“It’s a Nullah (Indian for a traditional canal ).” People would warn us as we shortlisted a place to stay in Calcutta, about the tiny water body running alongside the house.
“Terrible smell from it on certain days”, we were told.
Considering it a temporary arrangement, we went ahead to begin unpacking.
Disregarding the stench, sometimes overpowering enough to close the doors, gradually the place grew on us. The Pipal tree would give refreshing air night and day. The mango tree would be abuzz with butterflies and birds. A hot favourite was the Red Silk Cotton tree (bombax malabaricum) which was conveniently located right behind the house and viewed from all back rooms. The squirrels would scamper on it all day. Spring would bring red flowers and birds of all colours; the yellow canary, flaming orange woodpeckers, Black Asian cuckoo bird and many more. There was one incident where we even spotted a family of Civets, confirmed by the fact when one of their members, smelling food on the table, made way right into our home and was chased by the cat.
In the afternoons, the loud drilling of a boat at the boat factory across the shore (if I can call it that.) The late evenings, sometimes one can hear the horn of a patrol boat.
I was told this was the Tolly’s Nullah. During the British colonization of India, a gentleman called Tolly got the area cleared up of silt at his own expense in the late 1700s. He has the nullah and a prominent colony to his name.

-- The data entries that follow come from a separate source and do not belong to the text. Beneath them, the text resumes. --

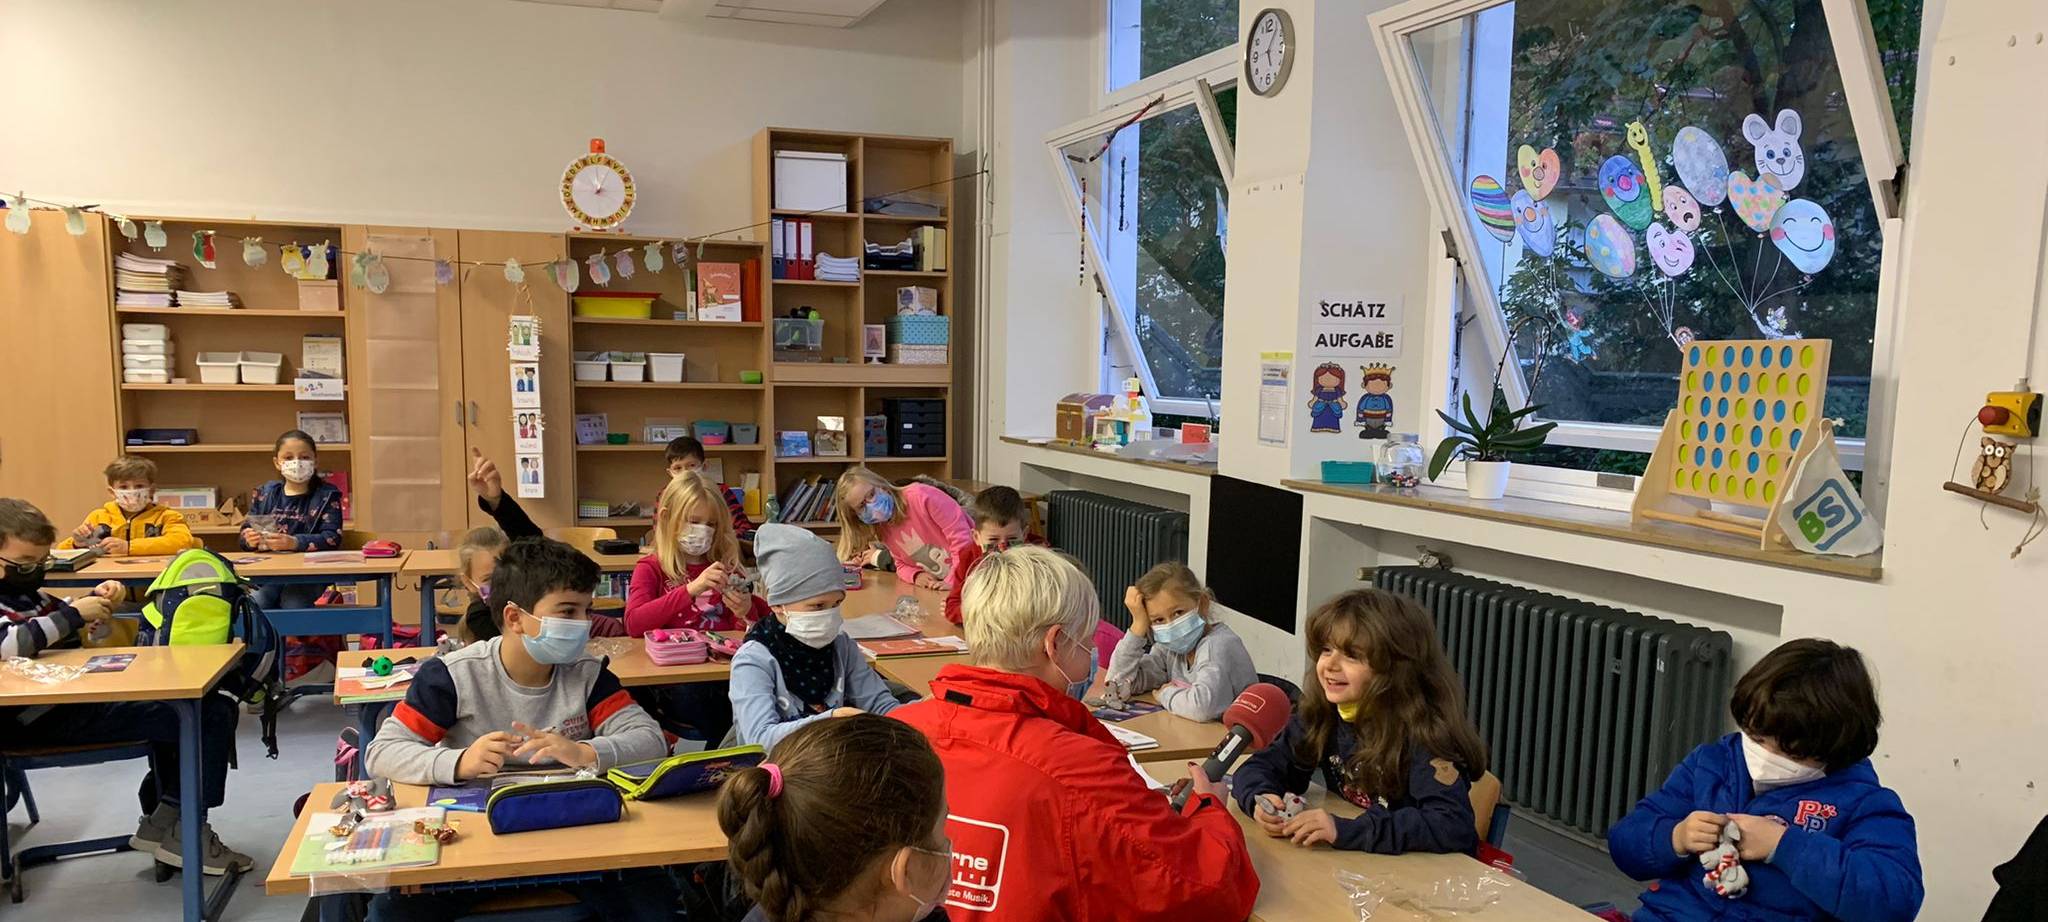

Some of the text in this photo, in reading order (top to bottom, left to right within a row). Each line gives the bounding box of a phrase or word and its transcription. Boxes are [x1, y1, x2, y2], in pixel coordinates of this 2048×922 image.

[1266, 18, 1274, 32] 12
[1320, 301, 1385, 318] SCHÄTZ
[1314, 333, 1394, 348] AUFGABE
[952, 852, 988, 871] rne
[947, 888, 991, 904] ste Musik.

I might have forgotten about this back area, had it not been while reading Swami Vivekanand’s memoirs (year 1899) that I chanced upon the mention of Tolley nullah again. He spoke about how the Holy Ganges was divided into “Hooghly” and “Padma” river before they deposited into the mouth of the bay of Bengal. He mentioned that “…the present “Tolley’s Nullah” represents the ancient course of the Ganges, and is known as the Adi ganga.” He also mentioned that foreign trade was carried out through a port called Triveni ( modern day Tribeni ) near the port city of “Saptagram”, on the river Saraswati. Triveni was the diverging point of three rivers during that ancient time, the Ganges, the Saraswati and the Yamuna. It’s also known as Muktaveni to distinguish it from Allahabad Triveni. Over time, the mouth of the rivers got silted. He further described how the gradual silting of the river course, led conquest forces to shift the port further and further. He also described how ships sank in a matter of minutes without a trace while trying to navigate these silted rivers. This is all estimated to have occurred over a time period of 400 -500 years from now.

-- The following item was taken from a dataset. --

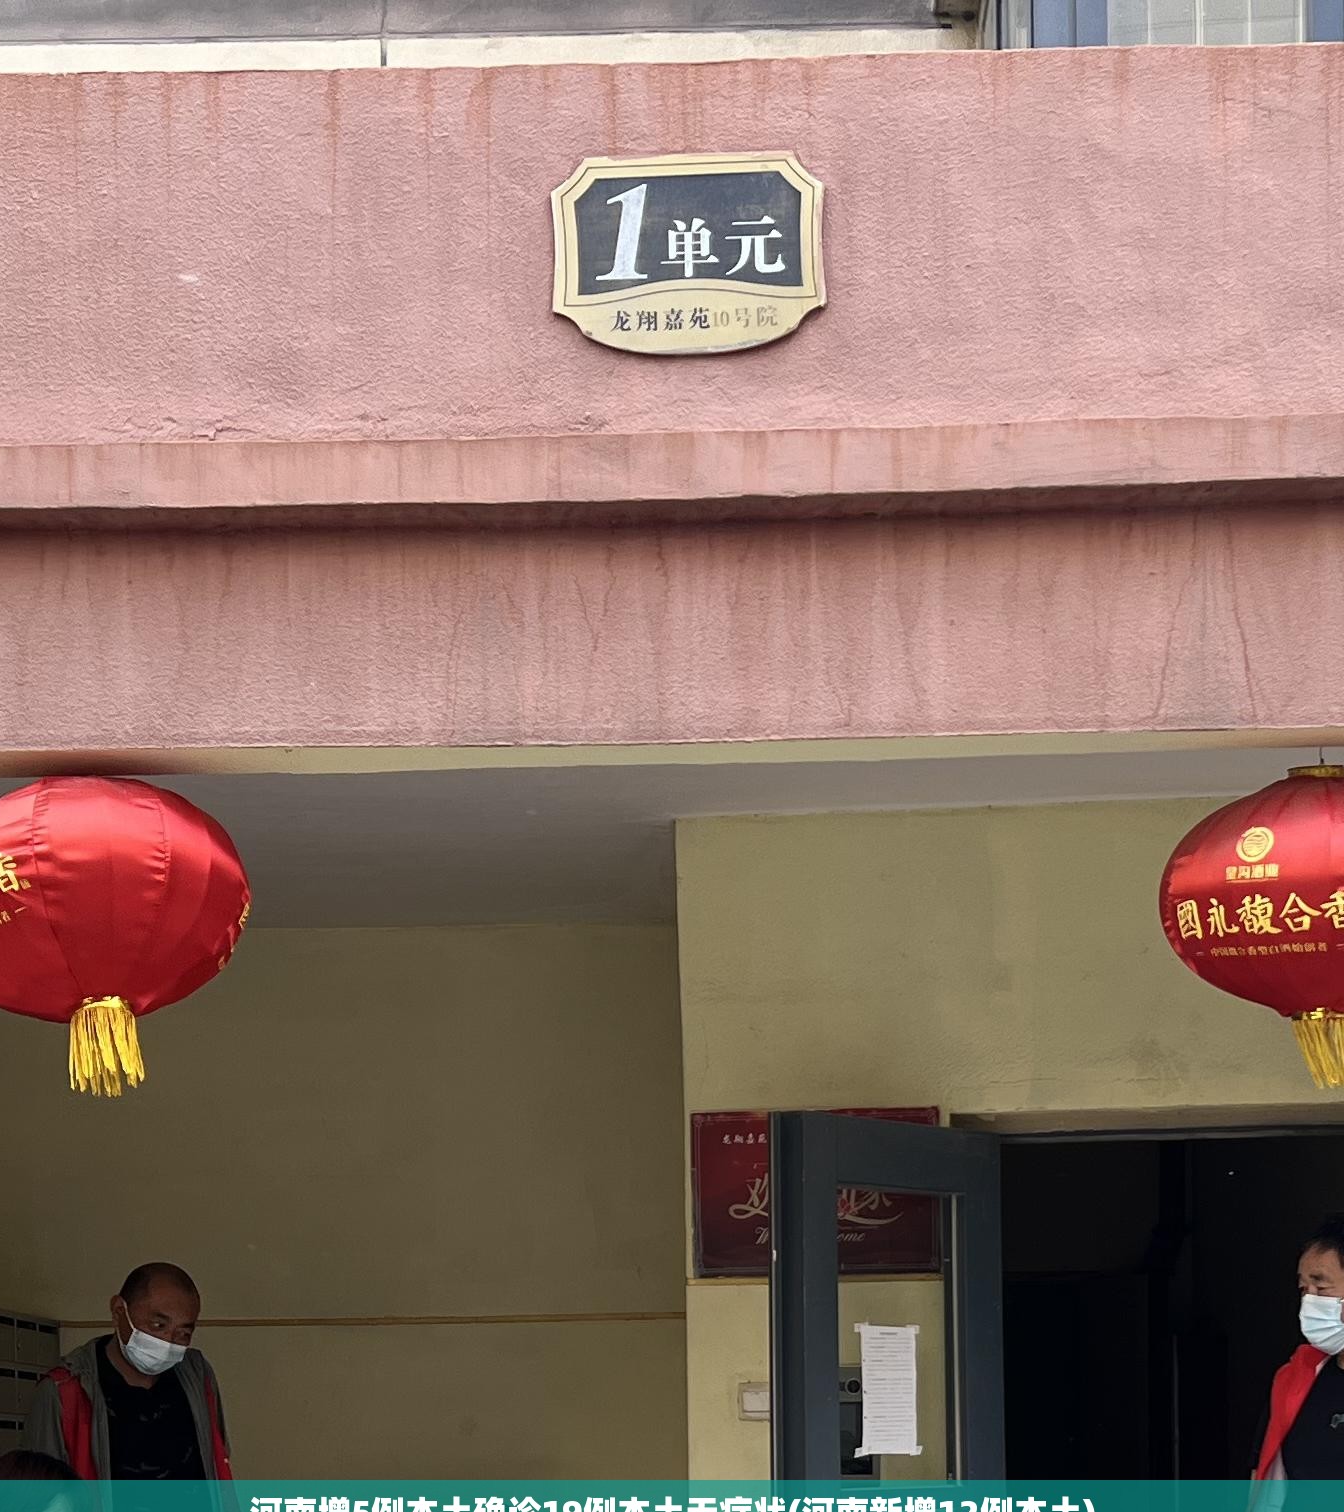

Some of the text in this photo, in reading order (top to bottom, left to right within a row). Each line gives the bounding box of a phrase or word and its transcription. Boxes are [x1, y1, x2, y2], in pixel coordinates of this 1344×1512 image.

[596, 183, 786, 281] 1单元
[610, 304, 779, 332] 龙翔嘉苑10号院

At this point I mused how scholars are essential to our understanding of history and ourselves as a human race. Scholars such as Vivekananda provide a bridge between the present and the ancient times. So different from today’s scholars who selectively search and are given strict assignments. Swami Vivekanand mentions living in “modern times”, which of course from the future point of view, is history.
Coming back to the present times, Adi Ganga today is a forgotten mess. After it breaks away from the main Hooghly river, settlements over its banks, encroaching its soil with concrete homes of a few million plus. It traverses the side of Taj Bengal, but before that it accumulates all the waste and filth from Kidderpore market, and human and animal excreta from the poor living on its sides in Orphangunj. When we will stop mistreating the natural resources our country has been so abundantly endowed with? Wonder whether this silk cotton tree and its birds would remain part of the ecosystem in another 100 years or be gulped down by the insatiable human greed of land and forces of politics.
It also connects the city into two parts, one the side with Victoria memorial and the ultra rich Alipore, where once Warren Hastings had a sprawling estate, which is now a national library. The two were connected by the Zeerut bridge sometime in the British era.
There is another historical fact associated with this area. Less than an hour away from Tribeni and right on top of these ancient fertile banks, is the village of Singur. If you are wondering where you have heard about it, it is the place where the Tatas in connivance of the state government and under aegis of an archaic 1894 act, planned to set up a car factory for the world’s cheapest car called Nano, in 2007. An activist then stood up for the river, the fertile land and the people it supported and didn’t allow the plan to succeed. The rich man lost and was forced to shift the factory to the west part of the country. This activist is today the chief minister of West Bengal. Her name is Mamta Banerjee.